About this exercise.
Each line below should be retyped exactly, with no pictures.

[Collected data]
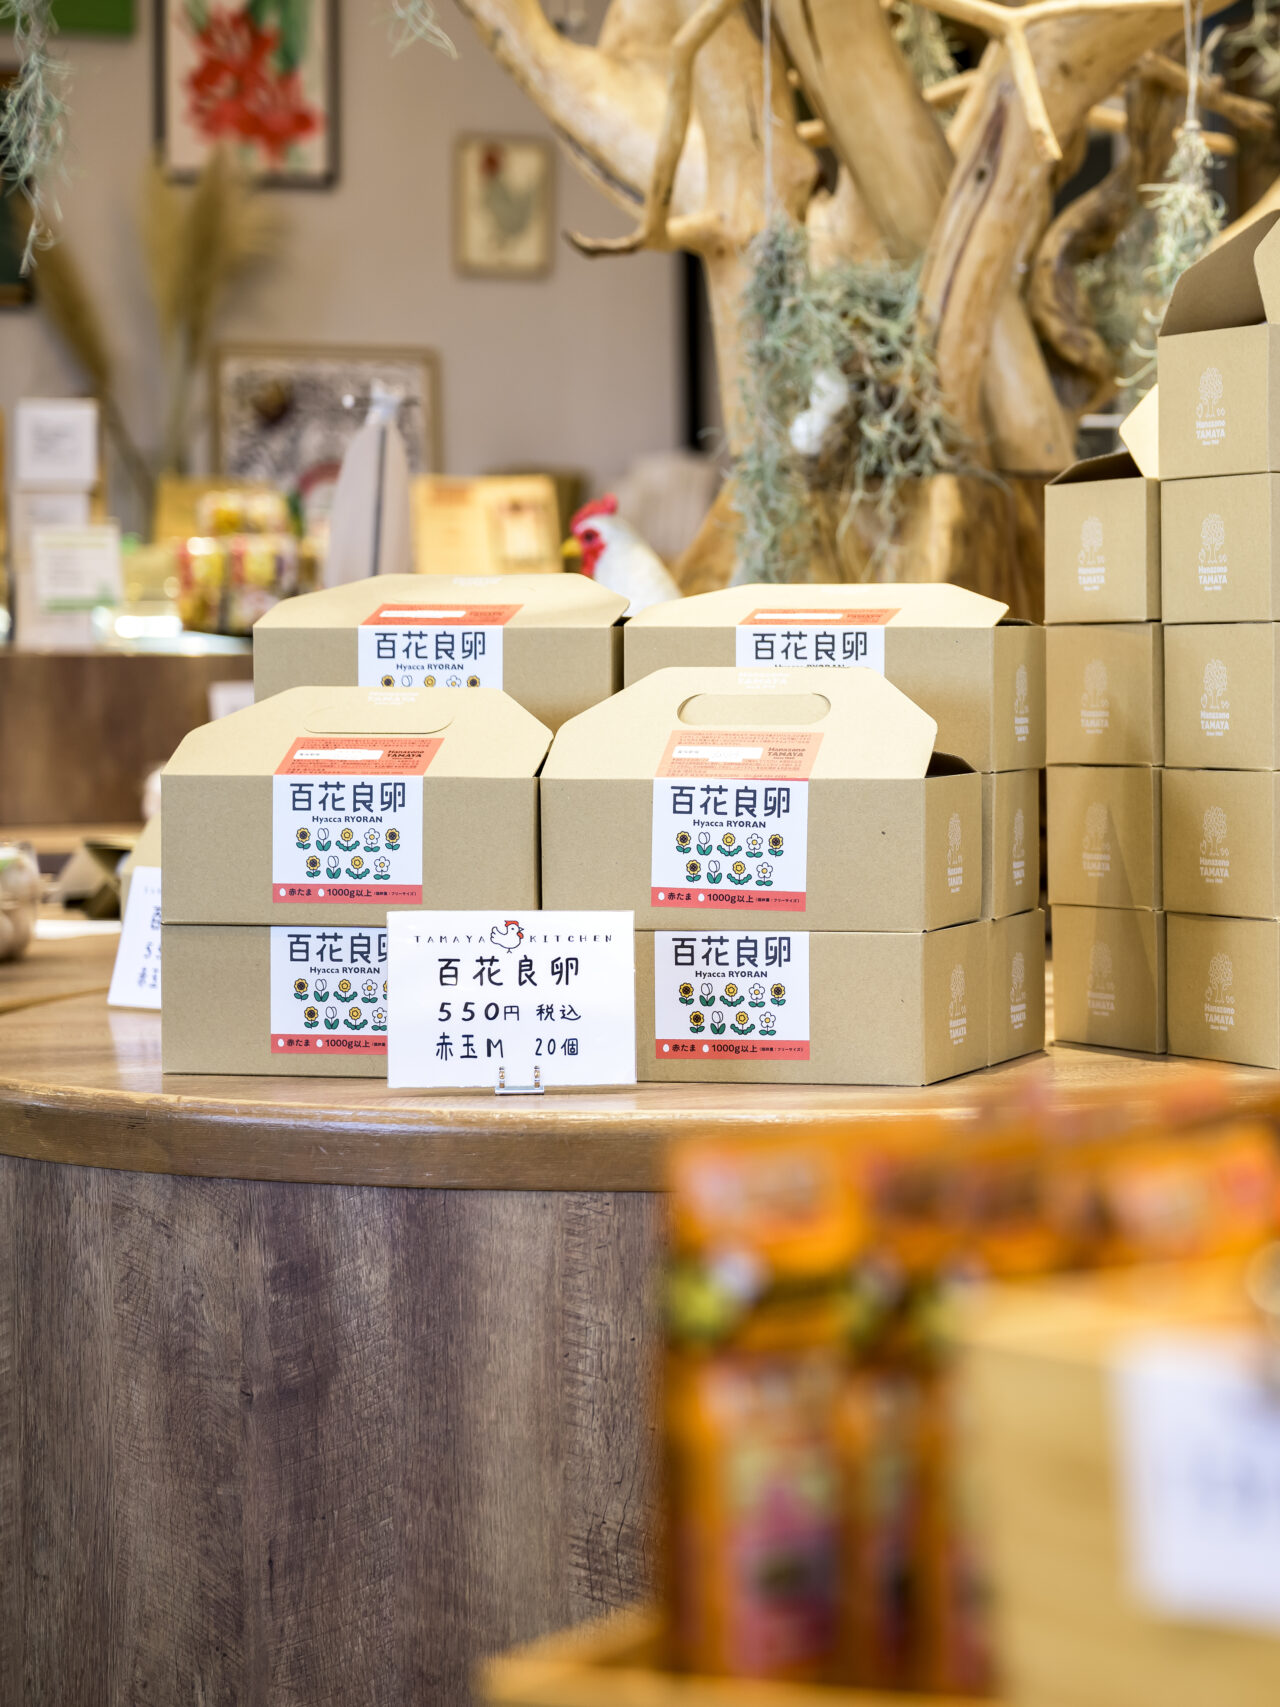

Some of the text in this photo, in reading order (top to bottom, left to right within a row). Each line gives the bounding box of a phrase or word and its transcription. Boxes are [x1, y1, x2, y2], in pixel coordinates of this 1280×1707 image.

[1196, 428, 1225, 440] TAMAYA
[1198, 575, 1228, 585] TAMAYA
[375, 630, 486, 660] 百花良卵
[753, 631, 867, 661] 百花良卵
[396, 663, 425, 671] Hyacca
[1200, 720, 1230, 730] TAMAYA
[290, 781, 406, 812] 百花良卵
[670, 784, 790, 818] 百花良卵
[312, 816, 342, 824] Hyacca
[692, 819, 766, 828] Hyacca RYORAN
[1199, 866, 1230, 878] TAMAYA
[327, 888, 372, 898] 1000g以上
[668, 892, 692, 900] 赤たま
[707, 893, 754, 904] 1000g以上
[414, 934, 613, 943] TAMAYA KITCHEN
[672, 936, 791, 967] 百花良卵
[310, 967, 340, 975] Hyacca
[438, 954, 579, 986] 百花良卵
[695, 971, 726, 979] Hyacca
[438, 1002, 582, 1022] 550円 税込
[1204, 1013, 1235, 1026] TAMAYA
[325, 1039, 370, 1049] 1000g以上
[436, 1032, 578, 1061] 赤玉M 20個
[672, 1044, 696, 1052] 赤たま
[711, 1044, 758, 1054] 1000g以上
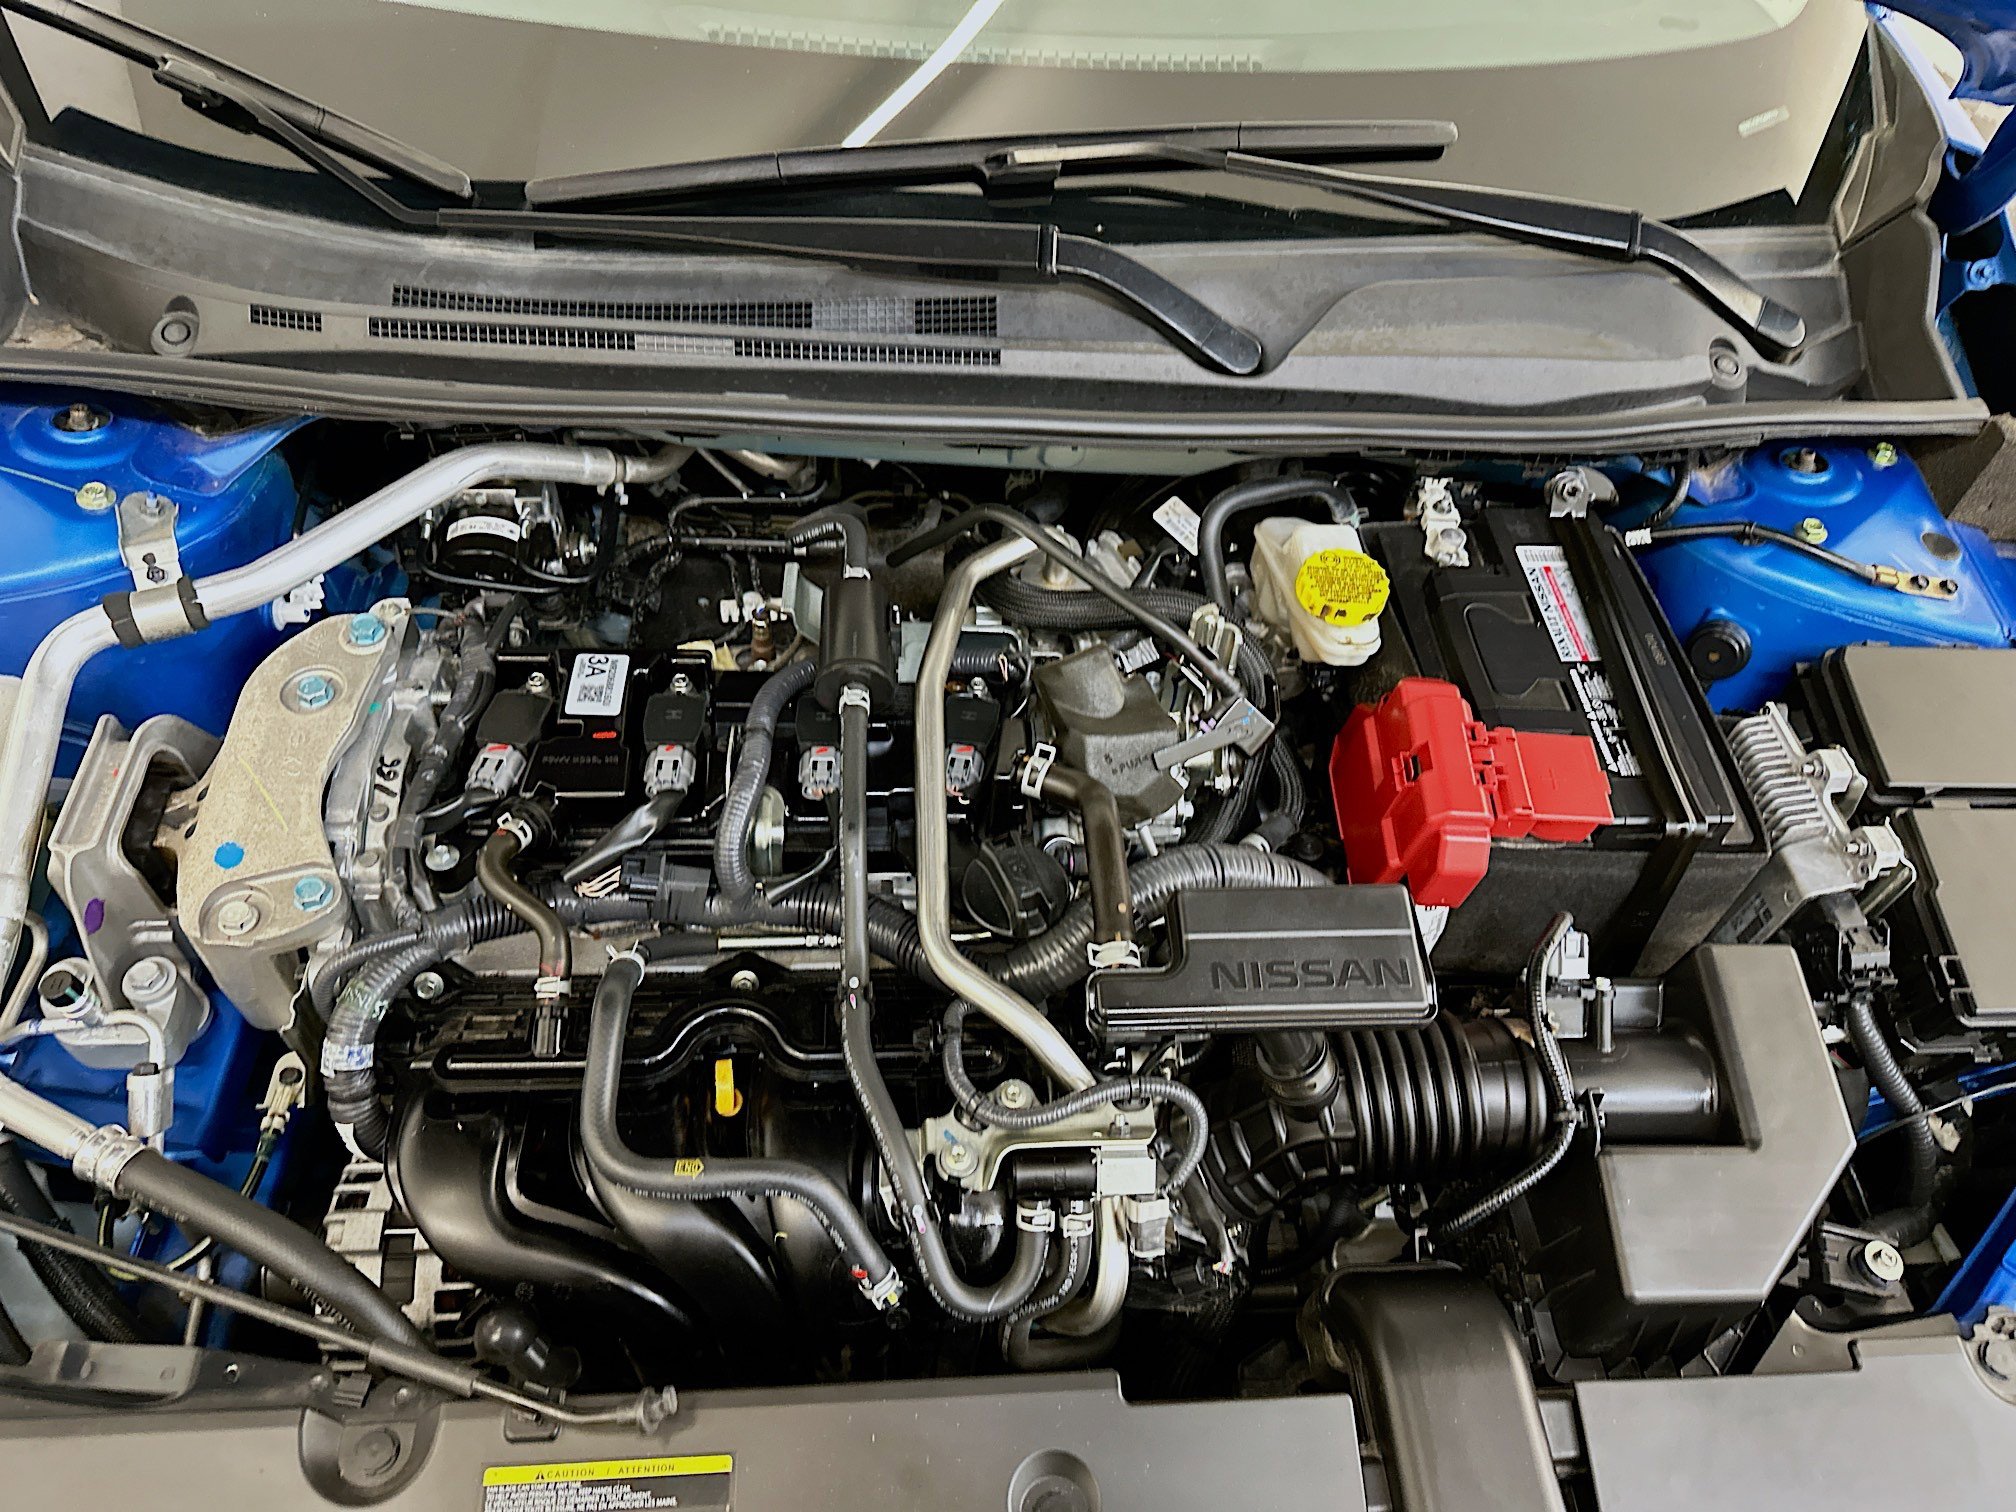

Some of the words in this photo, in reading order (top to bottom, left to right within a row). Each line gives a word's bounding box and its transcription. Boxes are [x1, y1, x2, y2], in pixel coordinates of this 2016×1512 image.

[585, 656, 609, 677] 3A
[1210, 957, 1413, 991] NISSAN
[547, 1468, 595, 1478] CAUTION
[618, 1464, 675, 1474] ATTENTION

Expected answer.
Some of the text in this photo, in reading order (top to bottom, left to right within a row). Each line gives the bounding box of a phrase or word and its transcription. Boxes are [x1, y1, x2, y2], in pixel coordinates of this 1280×1707 image.

[1196, 428, 1225, 440] TAMAYA
[1198, 575, 1228, 585] TAMAYA
[375, 630, 486, 660] 百花良卵
[753, 631, 867, 661] 百花良卵
[396, 663, 425, 671] Hyacca
[1200, 720, 1230, 730] TAMAYA
[290, 781, 406, 812] 百花良卵
[670, 784, 790, 818] 百花良卵
[312, 816, 342, 824] Hyacca
[692, 819, 766, 828] Hyacca RYORAN
[1199, 866, 1230, 878] TAMAYA
[327, 888, 372, 898] 1000g以上
[668, 892, 692, 900] 赤たま
[707, 893, 754, 904] 1000g以上
[414, 934, 613, 943] TAMAYA KITCHEN
[672, 936, 791, 967] 百花良卵
[310, 967, 340, 975] Hyacca
[438, 954, 579, 986] 百花良卵
[695, 971, 726, 979] Hyacca
[438, 1002, 582, 1022] 550円 税込
[1204, 1013, 1235, 1026] TAMAYA
[325, 1039, 370, 1049] 1000g以上
[436, 1032, 578, 1061] 赤玉M 20個
[672, 1044, 696, 1052] 赤たま
[711, 1044, 758, 1054] 1000g以上

Some of the words in this photo, in reading order (top to bottom, left to right within a row). Each line gives a word's bounding box and its transcription. Boxes are [x1, y1, x2, y2], in pixel coordinates of this 2016×1512 image.

[585, 656, 609, 677] 3A
[1210, 957, 1413, 991] NISSAN
[547, 1468, 595, 1478] CAUTION
[618, 1464, 675, 1474] ATTENTION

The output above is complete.